The white creature huddles up next to her again, watching - still a little more warily - as their yellow kin returns with the pups, one under each arm. The two of them - four of them, really - all curl up around her in a pile, limbs and tails and feelers all tangling together, and Goldie slowly inches back over to join them. Pole-plant keeps a little more distance, perhaps a body's length away, mostly still avoiding the pups, but both of them have clearly settled down now there's no sign of a threat.

Moon relaxes a little, manually restricting her processing of camera inputs down to simple motion detection and large-scale entity tracking - just enough to notice if Goldie or Pole-plant begins signing again, or if something else needs her attention. It is a trick she has learned from trial and error, about thirty cycles ago, and though it doesn't hold off the impending headache, it helps immensely. Even with seven neurons and countless cycles of optimization, this many visitors puts a noticeable strain on her processing and memory; at least limited sensory input will help keep anything from crashing.

Already, her neurons are running quite warm, both from work and from ambient temperatures. Moon can feel it on her skin - her little island must be painted gold right now by the afternoon sunlight - so she lets the neuron flies glide about the room, skimming the surface of the pool to catch water on their flagella for cooling.

She can feel the sensations from them, however faintly. The neuron flies don't relay much about the subtler details of their own sensory experiences, but she can still query for simple neural input streams, and imagines the cool water dancing over her puppet's fingertips as well.

The white creature leans forward, placing its head in her puppet's lap, its chin warming her thigh. Absentmindedly, Moon places her free hand on its head and pets it. It makes a growly chrrr from somewhere deep in its chest, and a moment later the yellow one picks up the sound as well.

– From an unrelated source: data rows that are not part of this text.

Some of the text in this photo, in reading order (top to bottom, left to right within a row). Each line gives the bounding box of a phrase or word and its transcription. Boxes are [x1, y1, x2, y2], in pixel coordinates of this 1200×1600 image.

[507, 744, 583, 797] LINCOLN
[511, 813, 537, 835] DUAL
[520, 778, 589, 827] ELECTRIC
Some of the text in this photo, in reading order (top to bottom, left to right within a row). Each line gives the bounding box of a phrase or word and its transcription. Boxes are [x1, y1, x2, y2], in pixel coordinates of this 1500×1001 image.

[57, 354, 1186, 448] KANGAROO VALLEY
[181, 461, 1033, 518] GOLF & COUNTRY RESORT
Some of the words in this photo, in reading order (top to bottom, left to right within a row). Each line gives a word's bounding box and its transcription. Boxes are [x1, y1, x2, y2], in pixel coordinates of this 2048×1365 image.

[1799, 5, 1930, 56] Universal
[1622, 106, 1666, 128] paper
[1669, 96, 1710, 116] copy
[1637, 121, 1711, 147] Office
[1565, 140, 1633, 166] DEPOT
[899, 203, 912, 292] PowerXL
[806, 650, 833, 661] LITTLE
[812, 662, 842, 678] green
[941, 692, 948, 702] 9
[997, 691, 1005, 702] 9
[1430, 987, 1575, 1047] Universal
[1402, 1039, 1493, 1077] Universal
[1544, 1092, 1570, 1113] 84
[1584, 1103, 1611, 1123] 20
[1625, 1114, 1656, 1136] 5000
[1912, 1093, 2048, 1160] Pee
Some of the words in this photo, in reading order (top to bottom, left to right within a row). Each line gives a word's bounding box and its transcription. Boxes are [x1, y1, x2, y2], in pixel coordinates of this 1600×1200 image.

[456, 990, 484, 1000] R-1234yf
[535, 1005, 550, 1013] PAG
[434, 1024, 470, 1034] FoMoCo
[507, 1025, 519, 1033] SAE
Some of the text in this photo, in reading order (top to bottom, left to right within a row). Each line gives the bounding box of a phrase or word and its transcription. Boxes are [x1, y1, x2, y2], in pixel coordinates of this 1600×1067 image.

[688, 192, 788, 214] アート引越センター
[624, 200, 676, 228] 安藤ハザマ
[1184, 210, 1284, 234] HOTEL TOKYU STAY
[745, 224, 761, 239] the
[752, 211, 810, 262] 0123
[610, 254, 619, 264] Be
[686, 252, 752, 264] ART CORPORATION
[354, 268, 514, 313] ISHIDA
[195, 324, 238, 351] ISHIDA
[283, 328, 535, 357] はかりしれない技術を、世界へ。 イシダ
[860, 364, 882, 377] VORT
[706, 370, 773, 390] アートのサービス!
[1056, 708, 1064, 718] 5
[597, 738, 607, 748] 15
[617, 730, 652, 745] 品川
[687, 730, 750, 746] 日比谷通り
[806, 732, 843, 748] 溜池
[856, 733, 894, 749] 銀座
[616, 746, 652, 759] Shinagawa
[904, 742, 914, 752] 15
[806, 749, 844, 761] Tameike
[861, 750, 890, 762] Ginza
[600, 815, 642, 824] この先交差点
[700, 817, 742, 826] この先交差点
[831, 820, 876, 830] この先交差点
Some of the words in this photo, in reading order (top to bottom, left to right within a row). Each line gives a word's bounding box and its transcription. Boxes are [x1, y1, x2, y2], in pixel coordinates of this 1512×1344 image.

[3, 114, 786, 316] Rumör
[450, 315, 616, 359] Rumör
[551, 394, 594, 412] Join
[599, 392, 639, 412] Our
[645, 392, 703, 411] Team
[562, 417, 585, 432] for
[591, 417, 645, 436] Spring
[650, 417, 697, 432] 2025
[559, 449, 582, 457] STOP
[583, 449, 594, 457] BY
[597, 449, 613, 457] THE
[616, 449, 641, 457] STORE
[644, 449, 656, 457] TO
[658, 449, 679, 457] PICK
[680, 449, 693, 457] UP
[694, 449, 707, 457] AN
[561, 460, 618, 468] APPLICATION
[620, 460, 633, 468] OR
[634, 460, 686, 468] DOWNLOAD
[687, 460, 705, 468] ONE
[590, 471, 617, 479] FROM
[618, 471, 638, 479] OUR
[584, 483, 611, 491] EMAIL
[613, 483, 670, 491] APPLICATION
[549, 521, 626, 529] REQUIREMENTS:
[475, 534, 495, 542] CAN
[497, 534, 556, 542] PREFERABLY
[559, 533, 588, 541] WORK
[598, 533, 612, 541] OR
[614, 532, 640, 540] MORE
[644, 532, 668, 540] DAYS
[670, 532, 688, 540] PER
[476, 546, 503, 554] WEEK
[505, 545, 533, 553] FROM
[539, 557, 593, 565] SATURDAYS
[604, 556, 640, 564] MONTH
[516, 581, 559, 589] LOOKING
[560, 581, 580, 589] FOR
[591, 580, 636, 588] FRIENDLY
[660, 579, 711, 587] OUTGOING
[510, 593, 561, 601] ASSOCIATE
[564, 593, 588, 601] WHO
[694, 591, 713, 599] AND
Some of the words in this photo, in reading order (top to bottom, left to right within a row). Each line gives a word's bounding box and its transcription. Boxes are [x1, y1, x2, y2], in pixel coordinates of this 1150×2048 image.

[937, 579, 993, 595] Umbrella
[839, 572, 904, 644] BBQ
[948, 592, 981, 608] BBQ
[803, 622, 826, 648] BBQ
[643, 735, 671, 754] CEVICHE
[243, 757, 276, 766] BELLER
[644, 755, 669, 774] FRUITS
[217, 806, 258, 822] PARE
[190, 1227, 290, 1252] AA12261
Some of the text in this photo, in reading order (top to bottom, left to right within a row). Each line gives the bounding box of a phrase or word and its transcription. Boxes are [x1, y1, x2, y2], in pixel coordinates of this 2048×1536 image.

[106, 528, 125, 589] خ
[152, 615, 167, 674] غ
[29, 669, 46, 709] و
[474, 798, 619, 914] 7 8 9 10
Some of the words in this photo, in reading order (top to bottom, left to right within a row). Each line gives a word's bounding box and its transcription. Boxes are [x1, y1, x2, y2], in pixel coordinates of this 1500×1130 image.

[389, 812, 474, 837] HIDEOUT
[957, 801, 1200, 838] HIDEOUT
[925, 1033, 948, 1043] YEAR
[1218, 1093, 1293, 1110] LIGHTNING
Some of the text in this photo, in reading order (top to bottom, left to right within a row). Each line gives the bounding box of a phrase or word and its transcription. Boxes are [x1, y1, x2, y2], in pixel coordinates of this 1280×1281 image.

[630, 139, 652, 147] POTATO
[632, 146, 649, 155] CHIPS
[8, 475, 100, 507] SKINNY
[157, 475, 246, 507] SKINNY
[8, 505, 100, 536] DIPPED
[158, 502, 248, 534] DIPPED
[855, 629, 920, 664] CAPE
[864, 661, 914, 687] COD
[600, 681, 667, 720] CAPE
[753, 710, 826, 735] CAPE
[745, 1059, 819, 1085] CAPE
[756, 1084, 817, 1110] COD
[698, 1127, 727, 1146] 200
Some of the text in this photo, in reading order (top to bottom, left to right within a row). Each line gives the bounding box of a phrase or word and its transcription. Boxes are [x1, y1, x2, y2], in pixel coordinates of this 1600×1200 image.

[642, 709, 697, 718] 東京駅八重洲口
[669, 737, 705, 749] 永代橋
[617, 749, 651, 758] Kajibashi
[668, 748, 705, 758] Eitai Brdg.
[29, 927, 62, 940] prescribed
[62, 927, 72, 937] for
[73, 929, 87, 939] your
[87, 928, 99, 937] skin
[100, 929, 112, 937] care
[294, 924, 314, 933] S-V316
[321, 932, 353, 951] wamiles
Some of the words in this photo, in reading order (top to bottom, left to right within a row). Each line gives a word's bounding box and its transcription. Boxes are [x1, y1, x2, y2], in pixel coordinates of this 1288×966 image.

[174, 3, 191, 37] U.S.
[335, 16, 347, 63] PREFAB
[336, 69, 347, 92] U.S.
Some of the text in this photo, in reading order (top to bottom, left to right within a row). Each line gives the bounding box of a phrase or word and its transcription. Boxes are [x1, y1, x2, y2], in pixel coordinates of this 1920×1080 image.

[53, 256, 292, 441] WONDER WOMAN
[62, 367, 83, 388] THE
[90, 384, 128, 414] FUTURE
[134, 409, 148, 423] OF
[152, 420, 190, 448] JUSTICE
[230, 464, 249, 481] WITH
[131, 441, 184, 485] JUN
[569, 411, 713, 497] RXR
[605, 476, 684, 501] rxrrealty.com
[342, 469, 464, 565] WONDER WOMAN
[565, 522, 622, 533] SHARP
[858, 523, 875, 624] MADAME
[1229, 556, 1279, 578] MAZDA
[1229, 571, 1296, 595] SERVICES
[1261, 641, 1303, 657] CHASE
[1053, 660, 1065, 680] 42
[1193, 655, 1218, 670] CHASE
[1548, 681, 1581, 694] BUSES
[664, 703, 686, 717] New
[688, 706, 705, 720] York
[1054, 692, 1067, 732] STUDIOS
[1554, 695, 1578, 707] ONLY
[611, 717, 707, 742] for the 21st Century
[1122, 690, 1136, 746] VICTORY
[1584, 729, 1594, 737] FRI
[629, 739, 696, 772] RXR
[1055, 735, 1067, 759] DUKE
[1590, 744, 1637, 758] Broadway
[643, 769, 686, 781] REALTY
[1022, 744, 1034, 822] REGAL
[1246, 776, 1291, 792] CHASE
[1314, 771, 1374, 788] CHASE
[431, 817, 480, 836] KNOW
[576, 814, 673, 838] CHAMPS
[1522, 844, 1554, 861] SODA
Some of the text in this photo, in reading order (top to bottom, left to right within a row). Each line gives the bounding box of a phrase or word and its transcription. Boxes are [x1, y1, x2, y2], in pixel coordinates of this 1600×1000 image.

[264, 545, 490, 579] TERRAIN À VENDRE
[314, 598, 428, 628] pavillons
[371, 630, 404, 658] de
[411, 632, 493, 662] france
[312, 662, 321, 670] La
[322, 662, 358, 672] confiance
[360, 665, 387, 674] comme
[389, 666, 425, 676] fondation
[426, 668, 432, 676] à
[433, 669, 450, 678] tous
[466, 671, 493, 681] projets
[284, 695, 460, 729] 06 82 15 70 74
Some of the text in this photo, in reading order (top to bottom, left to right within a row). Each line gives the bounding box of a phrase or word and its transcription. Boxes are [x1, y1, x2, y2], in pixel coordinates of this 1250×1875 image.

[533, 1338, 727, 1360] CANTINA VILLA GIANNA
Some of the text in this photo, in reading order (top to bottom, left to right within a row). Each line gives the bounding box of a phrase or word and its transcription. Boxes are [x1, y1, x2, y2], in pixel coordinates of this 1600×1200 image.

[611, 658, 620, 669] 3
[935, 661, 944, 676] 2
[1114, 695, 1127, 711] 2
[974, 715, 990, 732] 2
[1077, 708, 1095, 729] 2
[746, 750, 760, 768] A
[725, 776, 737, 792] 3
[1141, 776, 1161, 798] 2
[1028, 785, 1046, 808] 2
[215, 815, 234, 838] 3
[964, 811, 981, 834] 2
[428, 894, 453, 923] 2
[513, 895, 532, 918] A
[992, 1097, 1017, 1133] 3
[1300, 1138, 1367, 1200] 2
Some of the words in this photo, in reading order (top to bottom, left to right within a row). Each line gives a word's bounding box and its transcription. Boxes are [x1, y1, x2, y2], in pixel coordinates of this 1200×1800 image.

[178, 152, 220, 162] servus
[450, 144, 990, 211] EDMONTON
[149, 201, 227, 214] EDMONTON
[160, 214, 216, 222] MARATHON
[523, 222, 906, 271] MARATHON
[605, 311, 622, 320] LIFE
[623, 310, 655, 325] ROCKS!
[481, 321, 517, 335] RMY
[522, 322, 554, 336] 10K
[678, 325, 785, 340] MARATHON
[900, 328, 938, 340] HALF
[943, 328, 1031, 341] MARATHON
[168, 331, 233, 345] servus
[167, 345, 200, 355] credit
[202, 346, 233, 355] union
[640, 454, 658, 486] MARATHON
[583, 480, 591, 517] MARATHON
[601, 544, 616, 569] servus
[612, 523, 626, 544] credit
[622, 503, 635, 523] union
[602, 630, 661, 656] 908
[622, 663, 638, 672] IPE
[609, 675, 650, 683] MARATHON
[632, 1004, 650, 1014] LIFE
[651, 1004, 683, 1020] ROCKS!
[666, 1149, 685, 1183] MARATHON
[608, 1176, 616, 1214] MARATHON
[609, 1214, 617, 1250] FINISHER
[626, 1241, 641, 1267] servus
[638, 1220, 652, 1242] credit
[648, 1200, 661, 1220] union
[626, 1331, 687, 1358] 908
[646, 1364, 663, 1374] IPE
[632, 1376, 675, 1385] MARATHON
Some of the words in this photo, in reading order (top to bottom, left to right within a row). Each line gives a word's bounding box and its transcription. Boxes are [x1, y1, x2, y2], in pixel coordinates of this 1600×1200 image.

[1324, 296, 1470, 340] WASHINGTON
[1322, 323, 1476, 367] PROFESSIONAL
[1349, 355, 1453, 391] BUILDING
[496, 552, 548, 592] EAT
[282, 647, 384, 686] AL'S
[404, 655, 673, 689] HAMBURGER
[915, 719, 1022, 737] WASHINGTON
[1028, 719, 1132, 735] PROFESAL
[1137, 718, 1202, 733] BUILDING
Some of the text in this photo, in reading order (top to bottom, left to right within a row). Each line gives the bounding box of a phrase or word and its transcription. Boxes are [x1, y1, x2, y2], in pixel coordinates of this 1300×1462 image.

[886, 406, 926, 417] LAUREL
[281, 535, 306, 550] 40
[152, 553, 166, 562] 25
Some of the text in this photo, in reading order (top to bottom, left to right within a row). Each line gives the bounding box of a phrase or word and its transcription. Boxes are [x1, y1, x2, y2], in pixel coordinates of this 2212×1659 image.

Goldie chitters in amusement at the scene, and even Pole-plant slides a little closer, as if resisting the urge to join in.

This is temporary. Moon knows it is. Next cycle could steal away a neuron in the flood, or bring another war-party to her threshold, or drown her friends in its depths. Perhaps in another hundred cycles what's left of her can will finish collapsing, or her arm will snap and let the rains wash her puppet to the bottom of the reservoir. Even in time her memory will degrade - copied again and again until entropy flips a bit or blunt force trauma clears a sector - time will eat her away like the river does stone, until she is hollow and smooth and clean.

Even in this moment there is so much that her lightweight memory cannot hold. She will not remember perfectly the sound of the creatures purring against her, or the way the light hits Goldie's fur through the broken ceiling, or the feeling of flagella dragged through cool water. But she can experience it - right here, and right now.

Maybe, just for now, that's going to be okay.